Lo dice Ki-woo, il giovane della famiglia Kim. Ed è una delle chiavi inserite dal regista Bong Joon-ho per interpretare il film, che è una commedia che si traforma in dramma solo nell’ultima mezz’ora.

E’ una metafora la pioggia che sommerge i poveri Kim e diventa una simpatica avventura per i ricchi Park.

E’ una metafora il bunker della casa Park, rifugio dei parassiti, e dei parassiti dei parassiti.

Sono metafore della distinzione tra ricchi e poveri, come innanzitutto le  case dove vivono le due famiglie protagoniste del film, entrambe classiche “famiglie nucleari” (padre, madre e due figli: un maschio e una femmina).

Quella dei Park è una villa costruita da un famoso architetto, con un gigantesco soggiorno e le stanze da letto al piano di sopra. Un finestrone enorme si apre sul bel giardino, di giorno battuto da un sole rigenerante.

Quella dei Kim è uno squallido seminterrato. Dalla finestrella del “soggiorno” la famiglia seduta per cena assiste allo spettacolo quotidiano di ubriachi che urinano. Da quella del bagnetto, accanto a una tazza su un gradino, chinati i ragazzi riescono miracolosamente a connettersi a un wifi aperto.

Parassiti

Chi di noi non ha mai “parassitato” un wifi aperto da un vicino, un bar, un albergo? La famiglia Kim non si limita a quello, ma grazie al “piano” di Ki-woo, si introduce nella casa dei ricchi Park e tenta così la scalata sociale.

Ma come gli scarafaggi, parassiti dei seminterrati, anche loro fuggiranno quando qualcuno accenderà la luce sulle loro truffe?

Il miglior piano è non fare i piani

Lo sostiene il papà di Ki-woo, Ki-taek, quando tutto appare perduto. Ma il figlio non si arrende, e continuerà a pianificare truffe: le uniche che possono sovvertire l’ingiustizia sociale.

Io qui che ci sto a fare?

Ki-woo lo dice, a un certo punto, quando vede il giardino di casa Park assolato e pieno di famiglie eleganti e sorridenti, mentre lui e la sua famiglia sono venuti da una palestra per alluvionati.

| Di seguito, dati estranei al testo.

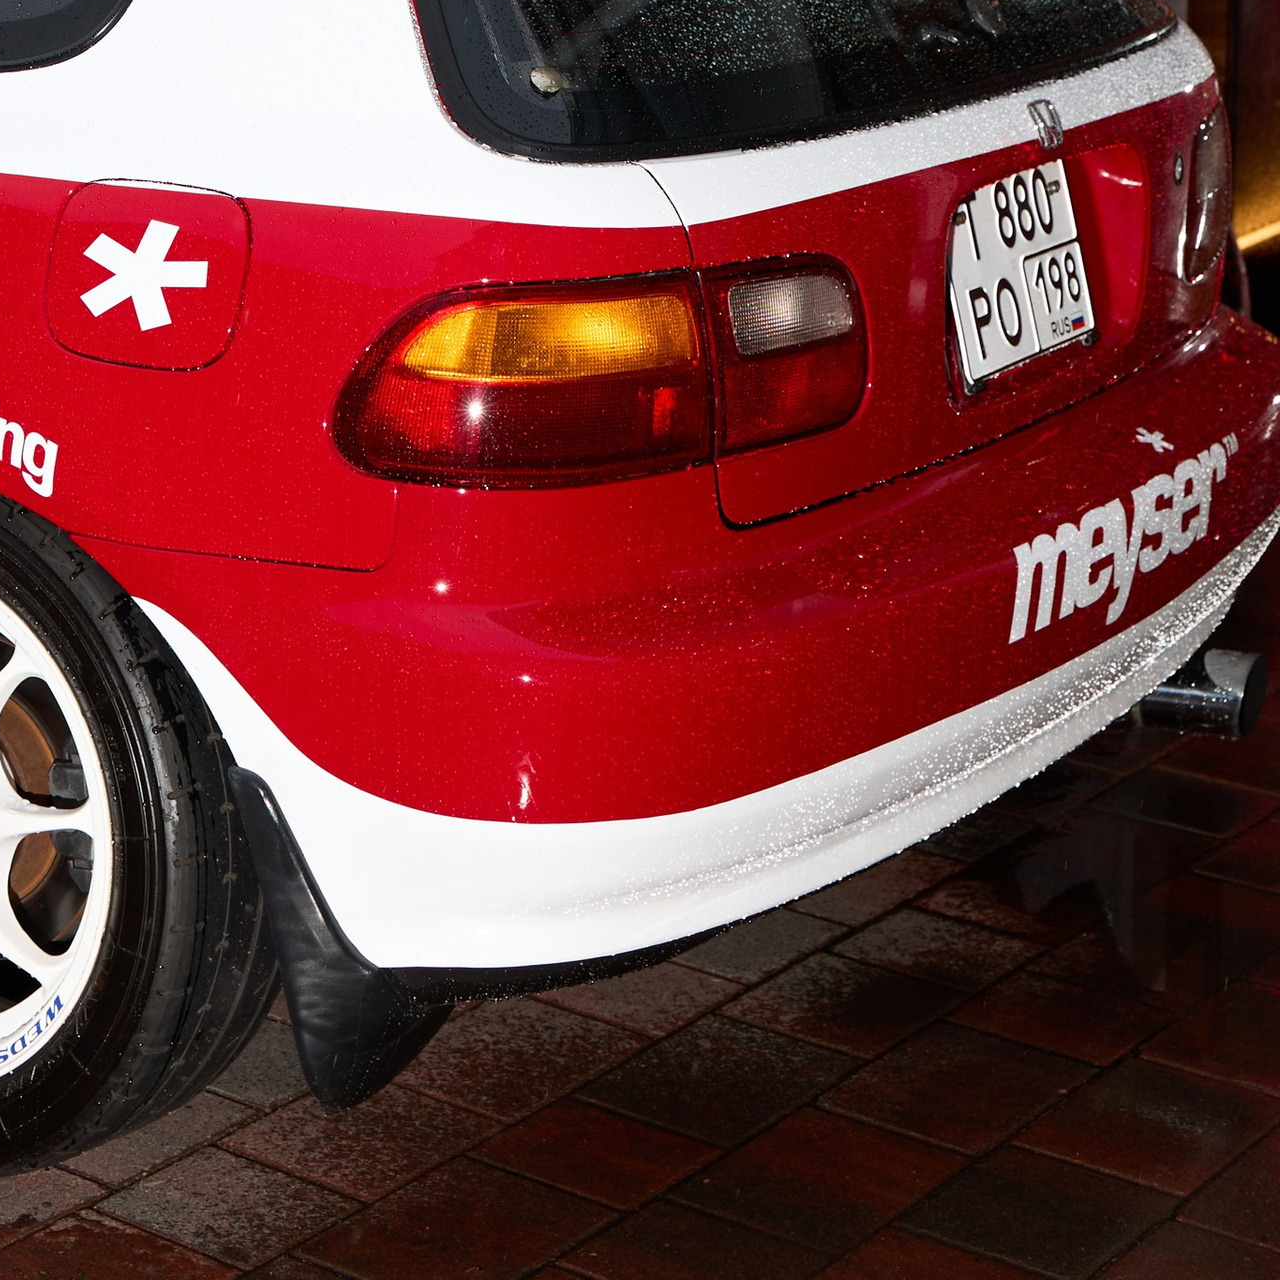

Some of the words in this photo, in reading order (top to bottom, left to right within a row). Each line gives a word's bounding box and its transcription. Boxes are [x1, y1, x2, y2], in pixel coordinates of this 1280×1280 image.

[992, 168, 1055, 249] 880
[1034, 251, 1082, 315] 198
[1051, 316, 1071, 340] RUS
[1008, 442, 1228, 645] meyser

Non è possibile la contaminazione tra ricchi e poveri, come pure aveva ipotizzato il protagonista, quando vagheggiava di sposare la figlia dei Park: Da-hye. L’unica soluzione è la sostituzione.

 

Il limite da non passare

E’ infatti possibile la convivenza tra ricchi e poveri, finché non si “sorpassa il limite”. Lo chiarisce il manager, il signor Park. E questo limite significa – ad esempio – non fare sesso sul sedile della macchina del padrone. Anche se quei limiti violati dai sottoposti sono fonte di grande eccitazione per i ricchi, che fantasticano di degradarsi mentre si masturbano a vicenda – indossando identici pigiami di seta – sul divano del soggiorno. Tra i due coniugi c’è amore? Chiamiamolo pure così, anche se loro stessi sanno che l’amore è un’altra cosa.

La puzza

Ma il vero limite lo supera costantemente la puzza: quella che emanano i Kim, come per primo nota il “genietto” della famiglia Park, il piccolo Da-song (che nel doppiaggio italiano è pronunciato come il canale tv che trasmette le partite in streaming). E’ odore di stracci sporchi, di muffa da seminterrato. E’ la puzza da povero, da parassita, che emana anche Geun-se, che da più di 4 anni vive in un bunker.

Il bunker

La metafora dei piani della casa mi ha ricordato il racconto Numero 11 di Jonathan Coe, dove la magione signorile arriva a scavare fino a – appunto – 11 piani sotterranei, fino al centro della terra, da dove escono mostri.

I fantasmi

Per la famiglia Park, abituata al lusso e alla vita facile, il trauma nascosto del bambino è l’incontro, nel giorno del suo compleanno, con un fantasma, che è – effettivamente – lo spettro della povertà.

La solidarietà

La solidarietà non è di classe, è familiare. Se c’è un’ovvia e alla fine irredimibile contrapposizione tra le due famiglie, con tentativi di reciproca comprensione che verrano frustrati, d’altra parte il povero che riesce a farcela non si allea con il povero che è tornato reietto.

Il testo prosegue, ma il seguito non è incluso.